Badan Pusat Statistik (BPS) mencatat ekonomi Indonesia di kuartal II 2020 mengalami kontraksi atau tumbuh negatif 5,32% secara year on year. Dibanding kuartal I 2020, pertumbuhan ekonomi di kuartal II 2020 adalah minus 4,19%. Meski demikian, masih ada sektor yang tetap tumbuh di tengah kondisi ekonomi yang minus. Yakni, sektor pertanian termasuk kehutanan di dalamnya, informasi dan komunikasi, serta pengadaan air.
Pandemi covid-19 telah mengajarkan kita semua bahwa pembangunan ekonomi hijau telah menjadi kebutuhan di negeri ini. Sektor-sektor kerakyatan berbasis hutan dan lahan terbukti mampu menjadi benteng perekonomian nasional yang mampu bertahan menopang sektor lainnya.
Laporan FAO-PBB, The State Of The World's Forests 2022, menyebutkan bahwa Kehidupan manusia menghadapi berbagai ancaman global. Ini termasuk pandemi dan kesulitan ekonomi, kerawanan pangan, kemiskinan, perubahan iklim, konflik, degradasi lahan dan air, dan hilangnya keanekaragaman hayati.Â
Dunia membutuhkan solusi berskala besar yang hemat biaya dan merata serta dapat dilaksanakan dengan cepat, dan hutan dan pohon memiliki potensi yang jelas.
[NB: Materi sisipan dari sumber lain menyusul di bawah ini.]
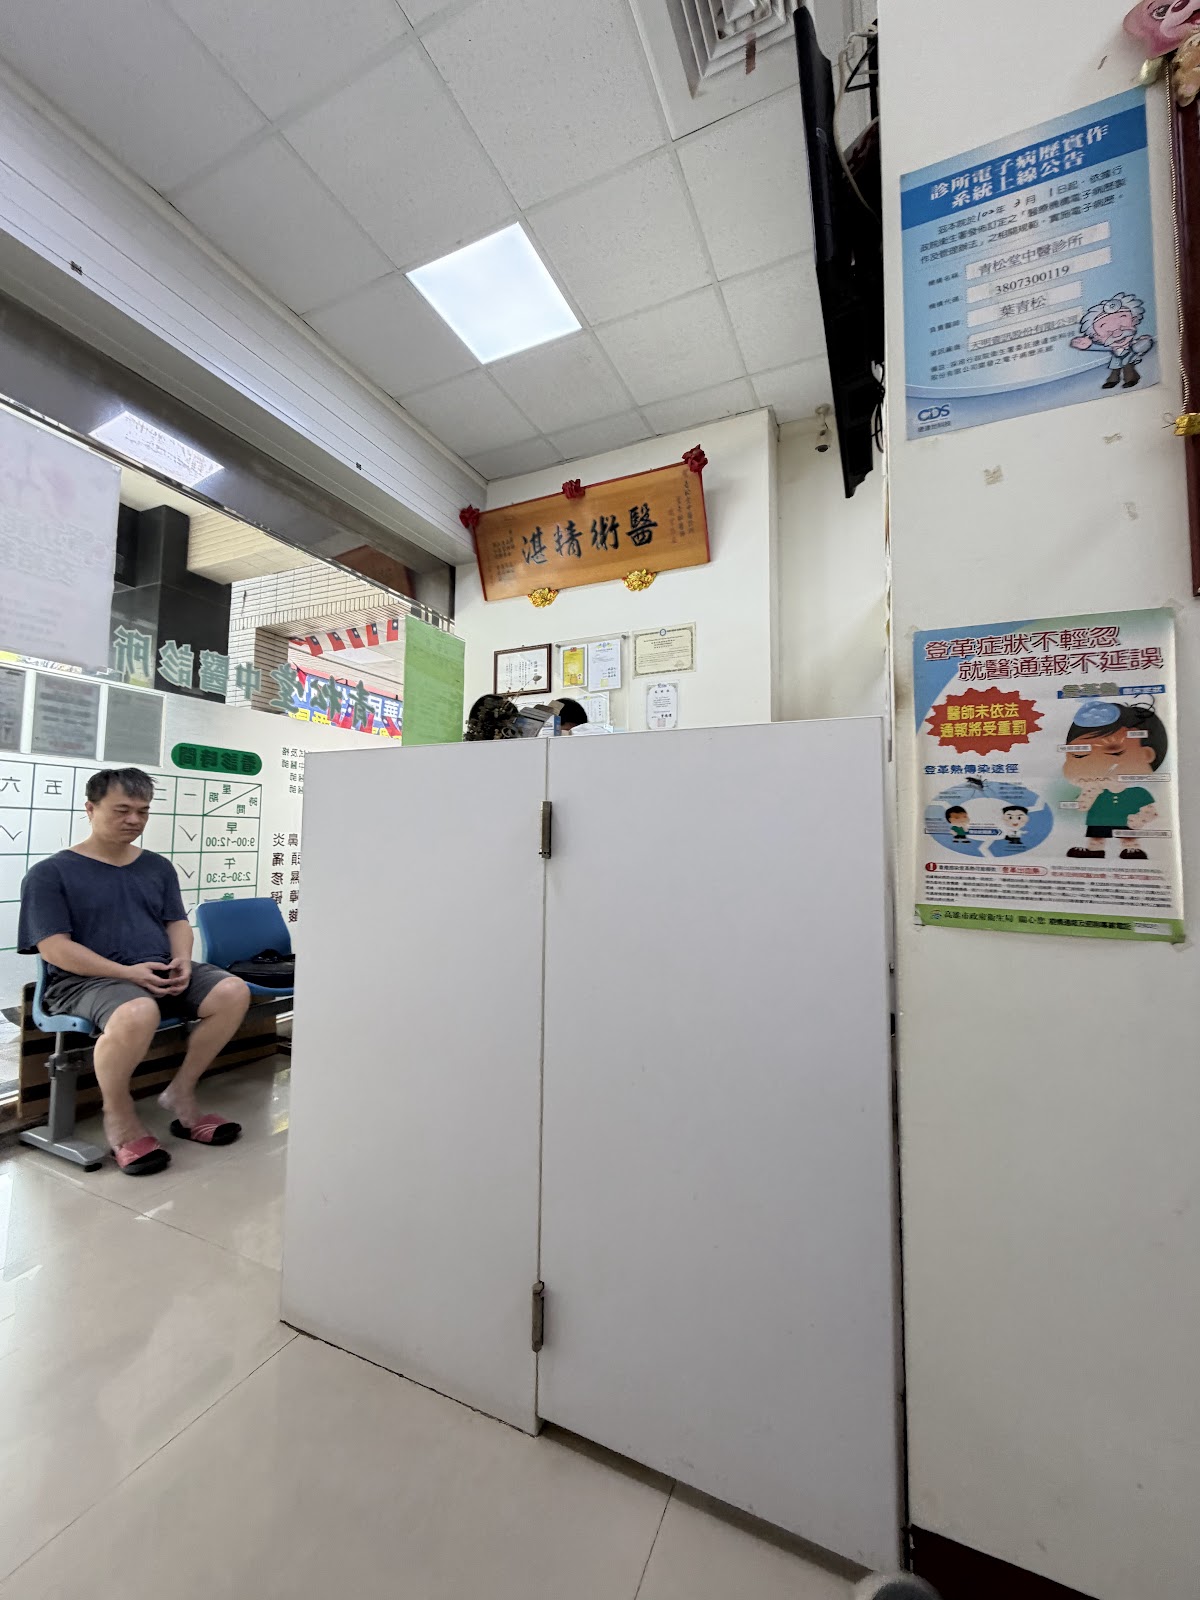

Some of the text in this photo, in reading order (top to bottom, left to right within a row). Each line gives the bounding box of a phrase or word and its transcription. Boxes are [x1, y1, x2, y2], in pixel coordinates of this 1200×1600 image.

[930, 124, 1109, 201] 診所電子病歷實作
[952, 151, 1085, 207] 系統上線公告
[995, 265, 1070, 294] 3807300119
[1000, 295, 1047, 318] 葉青松
[917, 404, 950, 421] CDS
[925, 626, 1120, 660] 登革症狀不輕忽
[958, 647, 1164, 681] 就醫通報不延誤
[947, 702, 1019, 721] 醫師未依法
[939, 719, 1027, 738] 通報將受重罰
[924, 763, 1020, 775] 登革熱傳染途徑
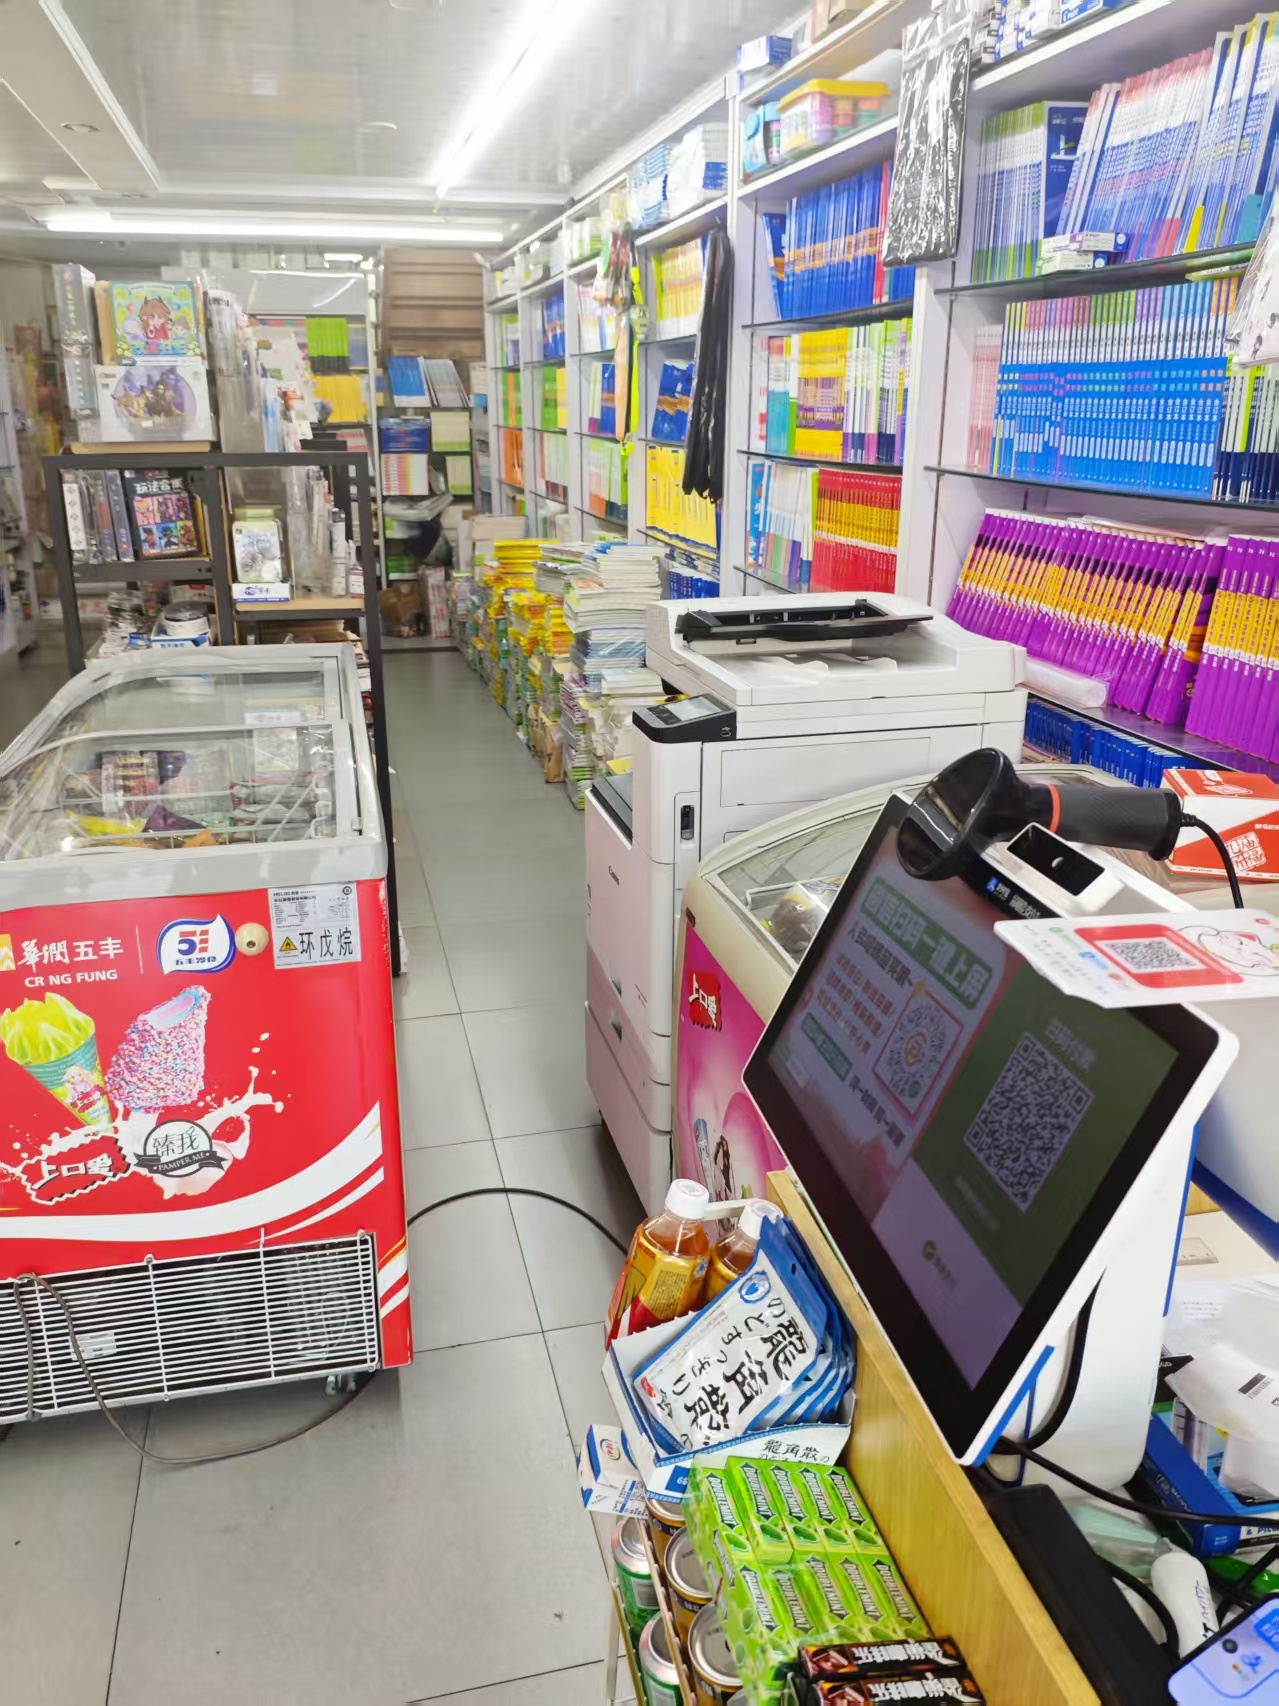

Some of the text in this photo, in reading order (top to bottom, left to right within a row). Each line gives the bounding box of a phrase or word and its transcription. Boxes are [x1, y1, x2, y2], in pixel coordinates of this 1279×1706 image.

[299, 927, 353, 960] 环戊烷
[24, 969, 118, 988] CR NG FUNG
[158, 1152, 206, 1171] PAMPER ME
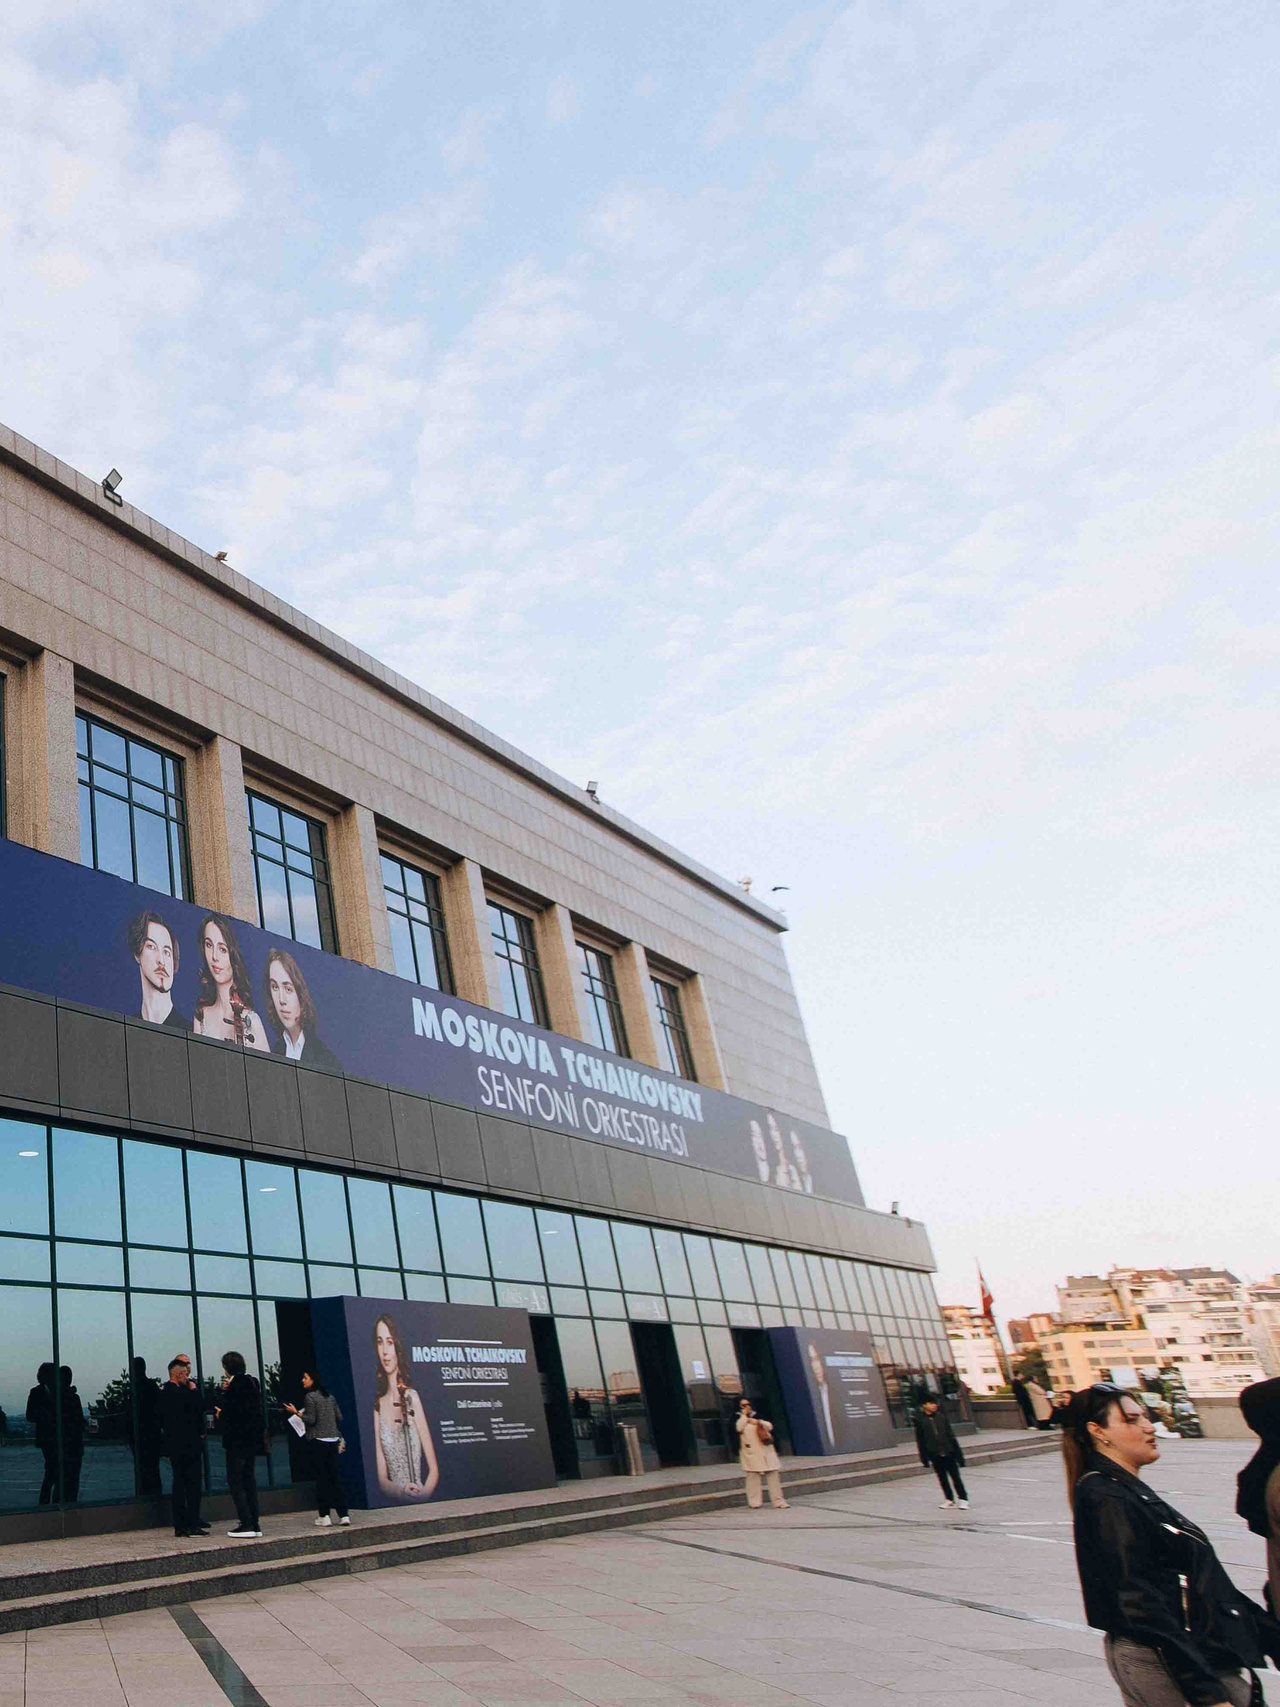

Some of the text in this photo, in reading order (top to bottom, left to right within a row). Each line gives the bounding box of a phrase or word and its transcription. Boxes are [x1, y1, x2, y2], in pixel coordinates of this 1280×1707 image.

Masyarakat dapat memanfaatkan hutan dengan lebih baik dan pohon untuk sekaligus melestarikan alam, lebih baik menyediakan untuk kesejahteraan manusia, dan menghasilkan pendapatan, khususnya bagi masyarakat pedesaan.
Belajar dari pengalaman kontraksi ekonomi Indonesia di saat pandemi dan bagaimana banyak teori lainnya menyebutkan bahwa hutan bisa menjadi media pemulihan ekonomi yang efektif, maka sudah pas jika Presiden menerbitkan intruksi tentang Percepatan Penghapusan Kemiskinan Ekstrem pada Juni 2022 yang didalamnya memuat starategi pemberian akses kelola dan peningkatan kapasitas kelompok usaha perhutanan sosial dan multiusaha kehutanan.